WHAT TO DO — Leave out the images and transcribe the entries below word for word.

** Opening INPUT MATERIAL block **

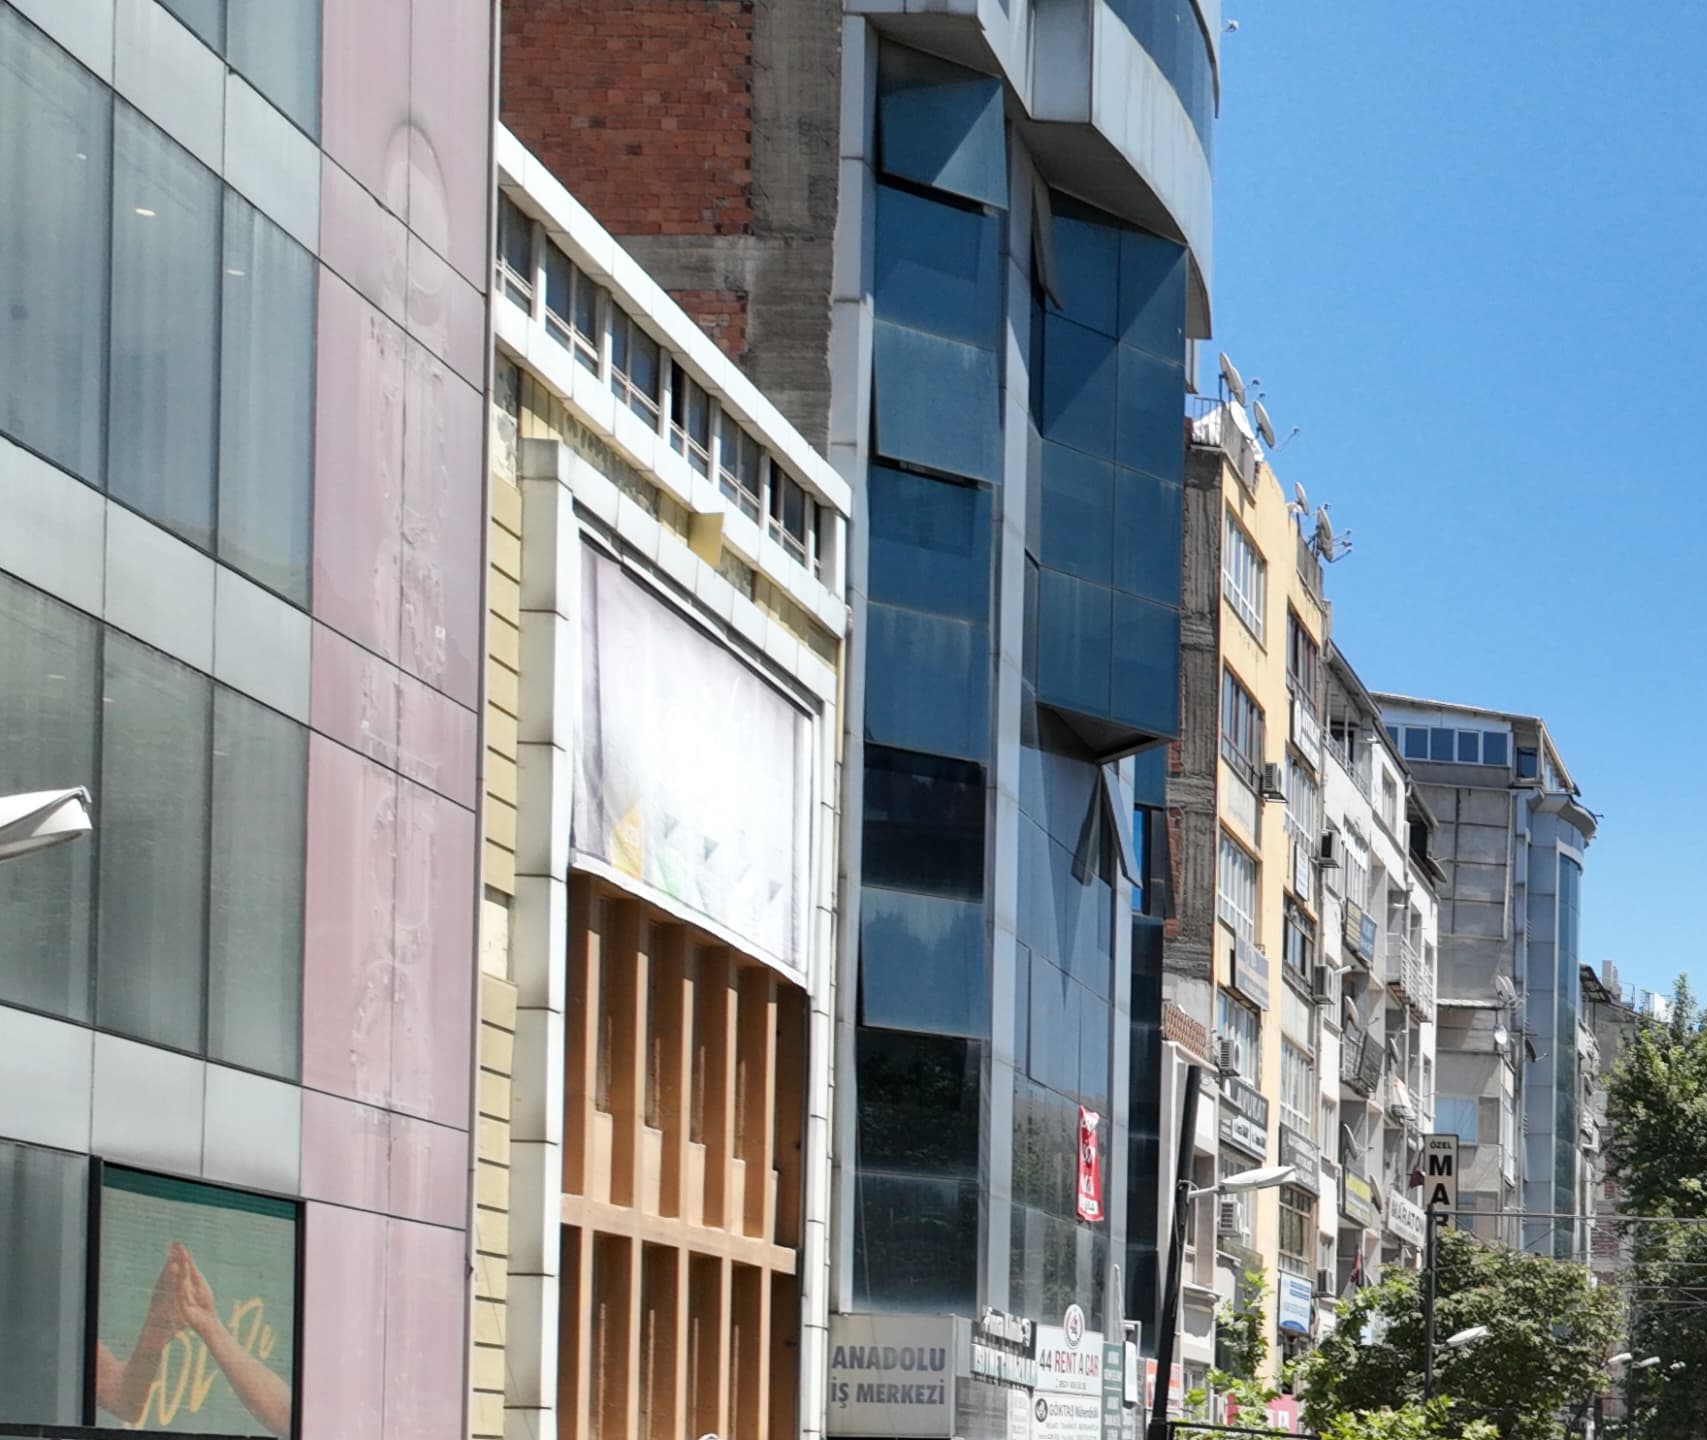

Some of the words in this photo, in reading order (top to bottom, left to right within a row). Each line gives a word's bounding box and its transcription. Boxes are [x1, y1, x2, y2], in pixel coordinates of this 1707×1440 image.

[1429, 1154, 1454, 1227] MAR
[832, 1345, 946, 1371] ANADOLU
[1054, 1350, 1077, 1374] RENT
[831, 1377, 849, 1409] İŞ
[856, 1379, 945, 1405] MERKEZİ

** Closing INPUT MATERIAL block **

SOLUTION FOR THIS TASK —
Some of the words in this photo, in reading order (top to bottom, left to right within a row). Each line gives a word's bounding box and its transcription. Boxes are [x1, y1, x2, y2], in pixel coordinates of this 1707×1440 image.

[1429, 1154, 1454, 1227] MAR
[832, 1345, 946, 1371] ANADOLU
[1054, 1350, 1077, 1374] RENT
[831, 1377, 849, 1409] İŞ
[856, 1379, 945, 1405] MERKEZİ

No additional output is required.